MOSCOW
Moscow is "very alarmed" by a reported spike in Ukrainian artillery attacks against rebels in the eastern region of Donbas with weapons prohibited by the Minsk agreement, Russia's foreign minister said on Friday.
Speaking at a news conference in Moscow following a meeting with his Greek counterpart Nikos Dendias, Sergey Lavrov accused Ukraine's armed forces of violating a cease-fire with the pro-Russian rebels.
Asked if the strikes by the Ukrainian military would be seen by Russia as a cause for war, Lavrov said a special procedure was agreed by the contact group representatives in the Minsk deal to avoid such conflict.
Under the additional measures for maintaining the truce, Ukrainian authorities, along with the rebels in the Donetsk and Luhansk regions of Donbas, pledged to report shelling to their commanders instead of striking back immediately, so the officers could decide on further steps, Lavrov said.
The minister claimed that while Donetsk and Luhansk had immediately issued the relevant orders, Kyiv delayed until forced to do so with the help of the Normandy Four mediators Germany and France.
However, the commander of the Ukrainian Special Operations Forces in Donbas declared that the commanders on the ground continued to reserve the right to strike back at their own discretion, Lavrov said.

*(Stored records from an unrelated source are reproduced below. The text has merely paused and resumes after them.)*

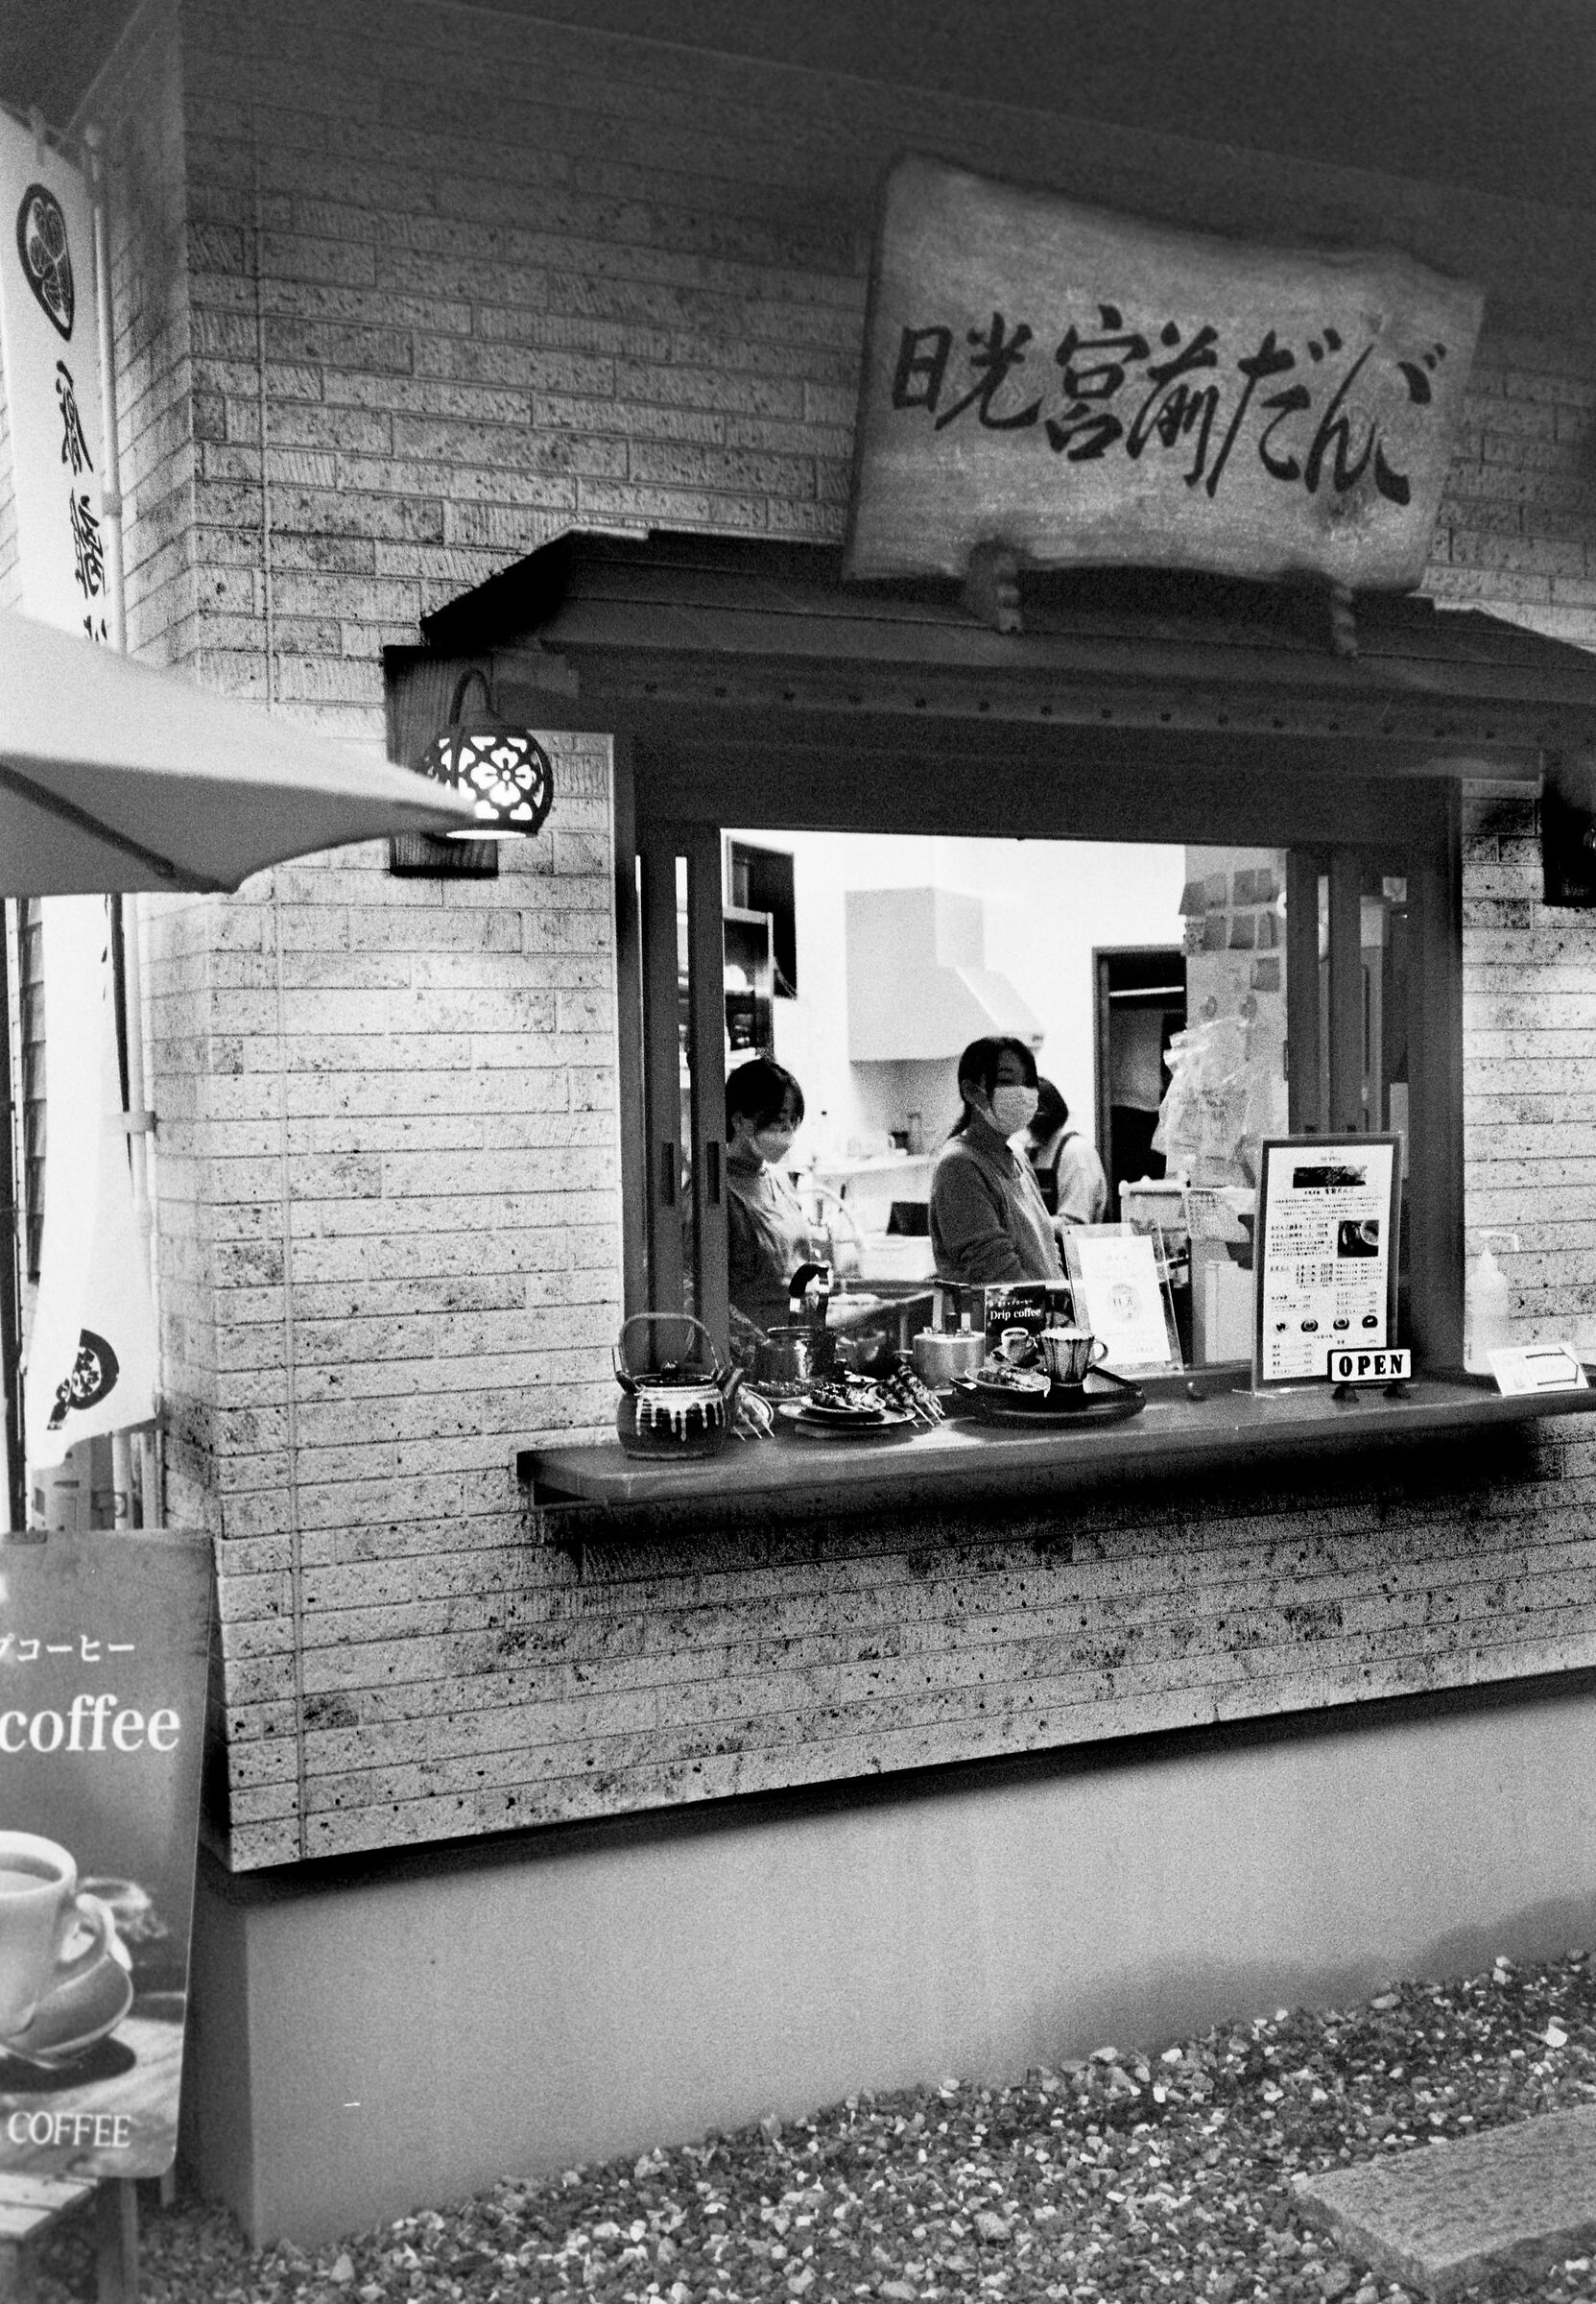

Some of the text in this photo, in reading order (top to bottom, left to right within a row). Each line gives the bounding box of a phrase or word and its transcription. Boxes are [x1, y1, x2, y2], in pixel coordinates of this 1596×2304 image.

[892, 303, 1447, 506] 日光宮前だんご
[989, 1307, 1041, 1322] Drip coffee
[1339, 1354, 1403, 1378] OPEN
[0, 1693, 181, 1753] coffee
[8, 2110, 132, 2148] COFFEE

The diplomat then said "a special role" for providing the adherence to the agreements on the cease-fire belongs to the special monitoring mission of the Organization for Security and Cooperation in Europe (OSCE).

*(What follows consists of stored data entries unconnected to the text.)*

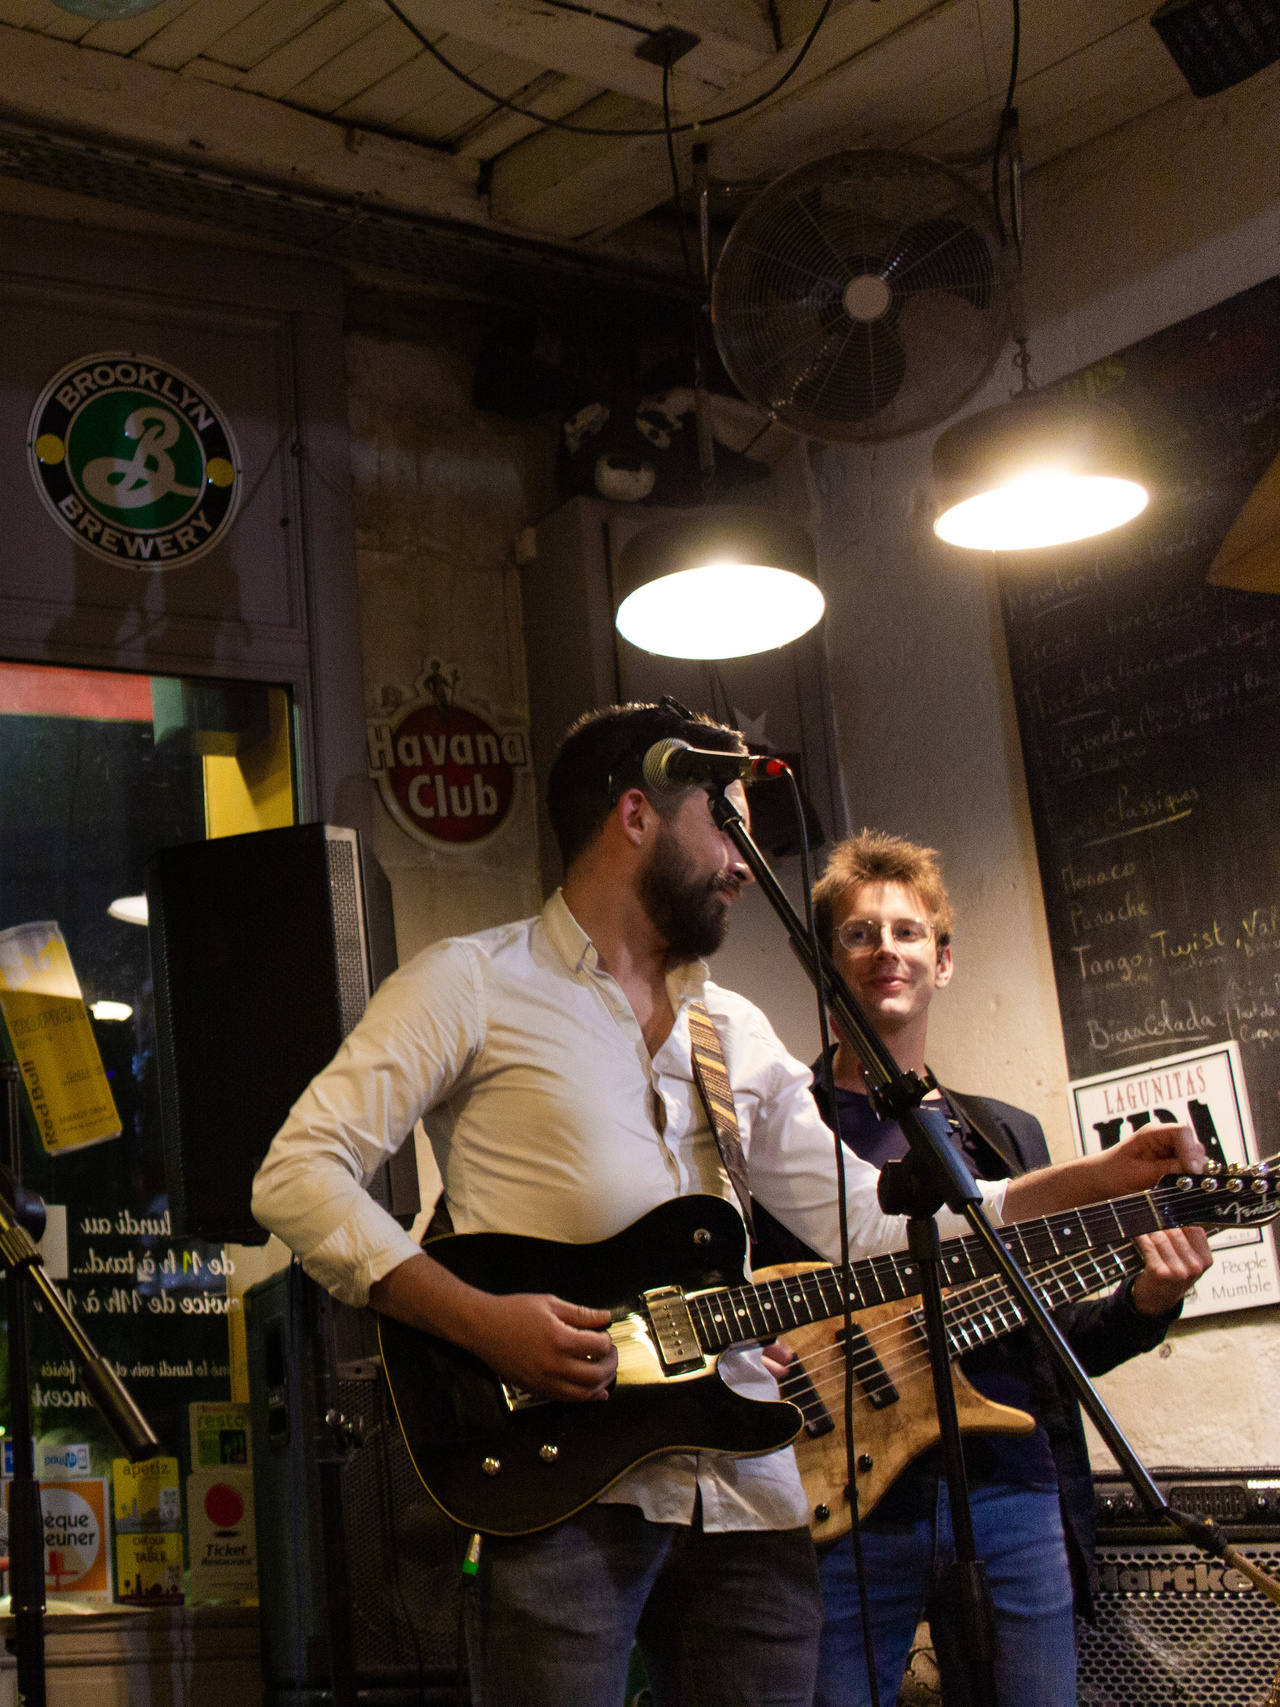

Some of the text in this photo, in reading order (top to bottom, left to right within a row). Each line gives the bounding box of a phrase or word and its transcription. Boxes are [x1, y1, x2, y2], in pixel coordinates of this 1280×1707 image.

[55, 363, 215, 432] BROOKLYN
[58, 493, 214, 559] BREWERY
[370, 725, 528, 768] Havana
[408, 773, 499, 818] Club
[1103, 1066, 1207, 1115] LAGUNITAS
[1221, 1251, 1268, 1280] People
[1211, 1275, 1273, 1300] Mumble
[122, 1460, 171, 1478] apetiz
[44, 1510, 89, 1529] èque
[44, 1531, 96, 1547] euner
[206, 1543, 248, 1556] Ticket
[134, 1552, 168, 1563] TABLE

According to Lavrov's assessment, the mission "was trying to be objective at the first stage of its work" but then stopped to note which side starts attacks.
"Only under our insisting pressure, against the attempts of the Ukrainians to prevent it, the special monitoring mission about three years ago issued a report, which provided for who suffers from the violation of the cease-fire, and how.
"It turned out that destruction in the civil sector and victims among civilians are three times greater on the side of the people's militia (rebels) than on the side controlled by Ukraine's armed forces," he said.
In recent days, the OSCE mission in the region reported numerous shelling attacks and destruction, without showing who was responsible for most of the strikes, he continued.
"We will attain such information appearing in the OSCE mission reports with the indication of regular-basis initiators of cease-fire violations. So far, we see that the OSCE special monitoring mission is trying to soothe the facts, pointing at the guilt of Ukraine's armed forces," he said.
Russia and Ukraine have been locked in a conflict since hostilities in the eastern Donbas region broke out in 2014 after Russia annexed the Crimean Peninsula.
Western countries have accused Russia of amassing more than 100,000 troops near Ukraine, prompting fears that it could be planning a military offensive against its ex-Soviet neighbor.
Denying that it is preparing to invade, Moscow has accused Western countries of undermining its security through NATO's expansion towards its borders.
The Kremlin says it has pulled back some of its troops following military exercises, but Western leaders argue they have yet to see any evidence of that.
Russia also demanded a rollback of troop deployments from some ex-Soviet states and guarantees that NATO would not accept some of those states into the military alliance.
NATO, however, said its "door remains open" and any decision on membership is for allies and aspirant countries to take, and nobody else.